Ollama must be running

Make sure the Ollama server is running (ollama serve) before starting the bot. If it's not running, all requests will fail.

Response time depends on hardware

Local models run on your CPU/GPU. Smaller models like llama3.2:1b respond in 1-3 seconds on modern hardware.
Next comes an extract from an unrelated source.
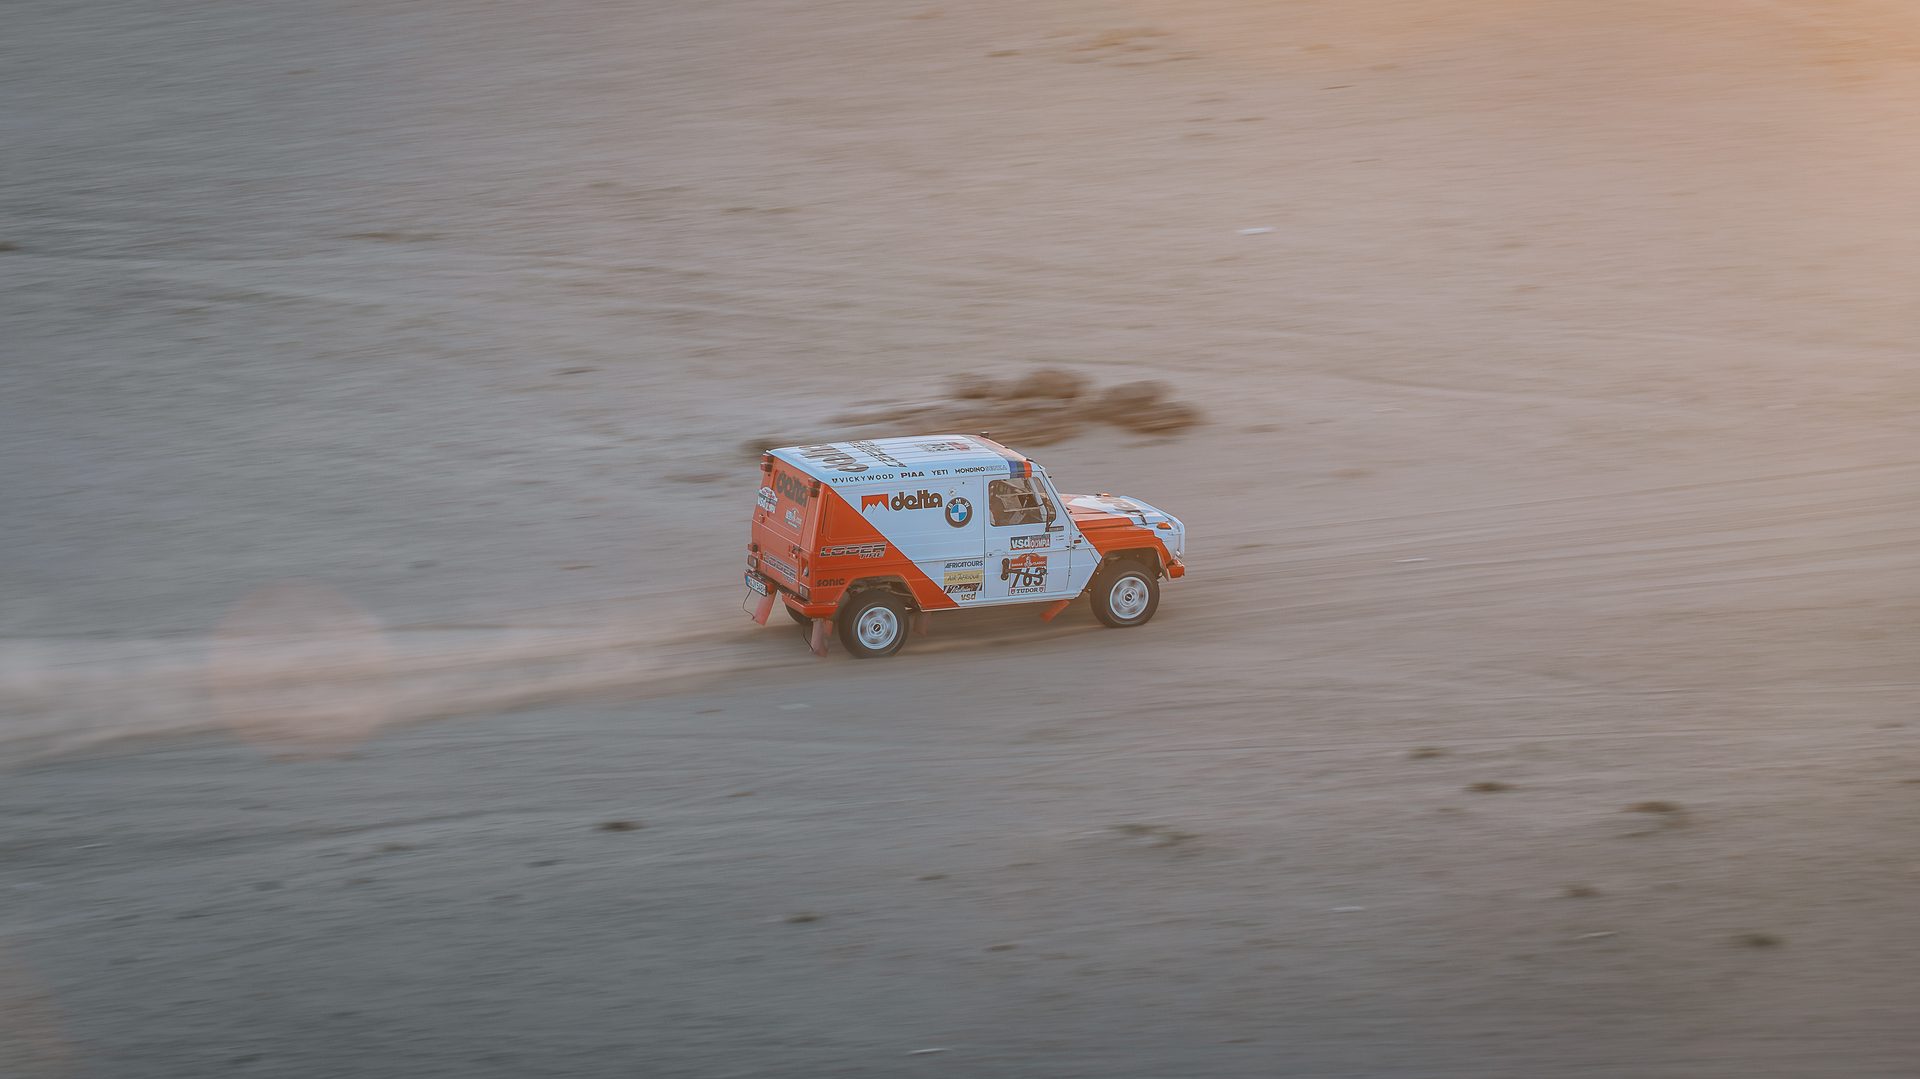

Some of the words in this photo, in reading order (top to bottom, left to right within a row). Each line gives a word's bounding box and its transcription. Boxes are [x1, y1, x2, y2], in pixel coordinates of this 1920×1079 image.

Larger models may take 10+ seconds — the typing indicator keeps the user informed while they wait.

Echo loops

Always check info.isFromMe first. Without this, the bot replies to its own messages forever.

Model must be pulled first

Run ollama pull llama3.2 before starting the bot. If the model isn't downloaded, requests will fail.